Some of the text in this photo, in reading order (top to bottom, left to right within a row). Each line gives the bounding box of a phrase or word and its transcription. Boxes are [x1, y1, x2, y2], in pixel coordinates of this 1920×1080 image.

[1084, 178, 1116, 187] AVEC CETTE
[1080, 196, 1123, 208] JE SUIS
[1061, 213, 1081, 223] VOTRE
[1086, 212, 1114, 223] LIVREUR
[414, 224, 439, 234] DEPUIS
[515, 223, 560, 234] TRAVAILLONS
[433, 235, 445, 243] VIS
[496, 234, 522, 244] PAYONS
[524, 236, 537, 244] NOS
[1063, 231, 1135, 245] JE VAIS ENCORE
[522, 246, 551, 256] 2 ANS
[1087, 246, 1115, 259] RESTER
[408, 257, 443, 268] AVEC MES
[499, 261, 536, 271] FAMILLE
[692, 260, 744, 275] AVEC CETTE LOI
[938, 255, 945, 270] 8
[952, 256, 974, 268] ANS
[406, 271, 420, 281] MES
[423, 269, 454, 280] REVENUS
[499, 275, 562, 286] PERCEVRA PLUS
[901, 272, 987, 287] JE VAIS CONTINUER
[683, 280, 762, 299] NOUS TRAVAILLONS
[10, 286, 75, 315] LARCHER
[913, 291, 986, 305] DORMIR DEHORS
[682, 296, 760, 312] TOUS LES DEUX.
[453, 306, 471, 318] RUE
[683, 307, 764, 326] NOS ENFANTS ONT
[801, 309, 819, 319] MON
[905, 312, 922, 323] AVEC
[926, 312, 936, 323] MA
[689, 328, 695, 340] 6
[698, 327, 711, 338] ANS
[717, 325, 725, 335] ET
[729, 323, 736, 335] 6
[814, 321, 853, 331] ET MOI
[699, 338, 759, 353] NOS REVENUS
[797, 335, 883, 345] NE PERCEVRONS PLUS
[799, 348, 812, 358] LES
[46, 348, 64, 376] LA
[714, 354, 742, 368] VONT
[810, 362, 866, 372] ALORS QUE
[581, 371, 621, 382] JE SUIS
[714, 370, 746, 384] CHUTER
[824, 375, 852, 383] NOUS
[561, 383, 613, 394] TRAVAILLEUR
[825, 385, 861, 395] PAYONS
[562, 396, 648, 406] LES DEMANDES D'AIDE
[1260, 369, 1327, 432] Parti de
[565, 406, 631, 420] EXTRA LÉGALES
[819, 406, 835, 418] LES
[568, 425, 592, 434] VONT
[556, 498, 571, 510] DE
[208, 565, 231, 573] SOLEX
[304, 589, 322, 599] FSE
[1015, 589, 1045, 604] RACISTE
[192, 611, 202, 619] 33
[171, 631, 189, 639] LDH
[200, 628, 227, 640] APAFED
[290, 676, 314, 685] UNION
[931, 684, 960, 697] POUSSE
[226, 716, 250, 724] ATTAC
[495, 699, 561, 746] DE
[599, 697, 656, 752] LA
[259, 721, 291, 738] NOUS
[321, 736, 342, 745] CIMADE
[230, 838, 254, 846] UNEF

:::

▶ Task item:
The listing above has to be repeated exactly, down to the last line.

▶ Result of this task:
Some of the text in this photo, in reading order (top to bottom, left to right within a row). Each line gives the bounding box of a phrase or word and its transcription. Boxes are [x1, y1, x2, y2], in pixel coordinates of this 1920×1080 image.

[1084, 178, 1116, 187] AVEC CETTE
[1080, 196, 1123, 208] JE SUIS
[1061, 213, 1081, 223] VOTRE
[1086, 212, 1114, 223] LIVREUR
[414, 224, 439, 234] DEPUIS
[515, 223, 560, 234] TRAVAILLONS
[433, 235, 445, 243] VIS
[496, 234, 522, 244] PAYONS
[524, 236, 537, 244] NOS
[1063, 231, 1135, 245] JE VAIS ENCORE
[522, 246, 551, 256] 2 ANS
[1087, 246, 1115, 259] RESTER
[408, 257, 443, 268] AVEC MES
[499, 261, 536, 271] FAMILLE
[692, 260, 744, 275] AVEC CETTE LOI
[938, 255, 945, 270] 8
[952, 256, 974, 268] ANS
[406, 271, 420, 281] MES
[423, 269, 454, 280] REVENUS
[499, 275, 562, 286] PERCEVRA PLUS
[901, 272, 987, 287] JE VAIS CONTINUER
[683, 280, 762, 299] NOUS TRAVAILLONS
[10, 286, 75, 315] LARCHER
[913, 291, 986, 305] DORMIR DEHORS
[682, 296, 760, 312] TOUS LES DEUX.
[453, 306, 471, 318] RUE
[683, 307, 764, 326] NOS ENFANTS ONT
[801, 309, 819, 319] MON
[905, 312, 922, 323] AVEC
[926, 312, 936, 323] MA
[689, 328, 695, 340] 6
[698, 327, 711, 338] ANS
[717, 325, 725, 335] ET
[729, 323, 736, 335] 6
[814, 321, 853, 331] ET MOI
[699, 338, 759, 353] NOS REVENUS
[797, 335, 883, 345] NE PERCEVRONS PLUS
[799, 348, 812, 358] LES
[46, 348, 64, 376] LA
[714, 354, 742, 368] VONT
[810, 362, 866, 372] ALORS QUE
[581, 371, 621, 382] JE SUIS
[714, 370, 746, 384] CHUTER
[824, 375, 852, 383] NOUS
[561, 383, 613, 394] TRAVAILLEUR
[825, 385, 861, 395] PAYONS
[562, 396, 648, 406] LES DEMANDES D'AIDE
[1260, 369, 1327, 432] Parti de
[565, 406, 631, 420] EXTRA LÉGALES
[819, 406, 835, 418] LES
[568, 425, 592, 434] VONT
[556, 498, 571, 510] DE
[208, 565, 231, 573] SOLEX
[304, 589, 322, 599] FSE
[1015, 589, 1045, 604] RACISTE
[192, 611, 202, 619] 33
[171, 631, 189, 639] LDH
[200, 628, 227, 640] APAFED
[290, 676, 314, 685] UNION
[931, 684, 960, 697] POUSSE
[226, 716, 250, 724] ATTAC
[495, 699, 561, 746] DE
[599, 697, 656, 752] LA
[259, 721, 291, 738] NOUS
[321, 736, 342, 745] CIMADE
[230, 838, 254, 846] UNEF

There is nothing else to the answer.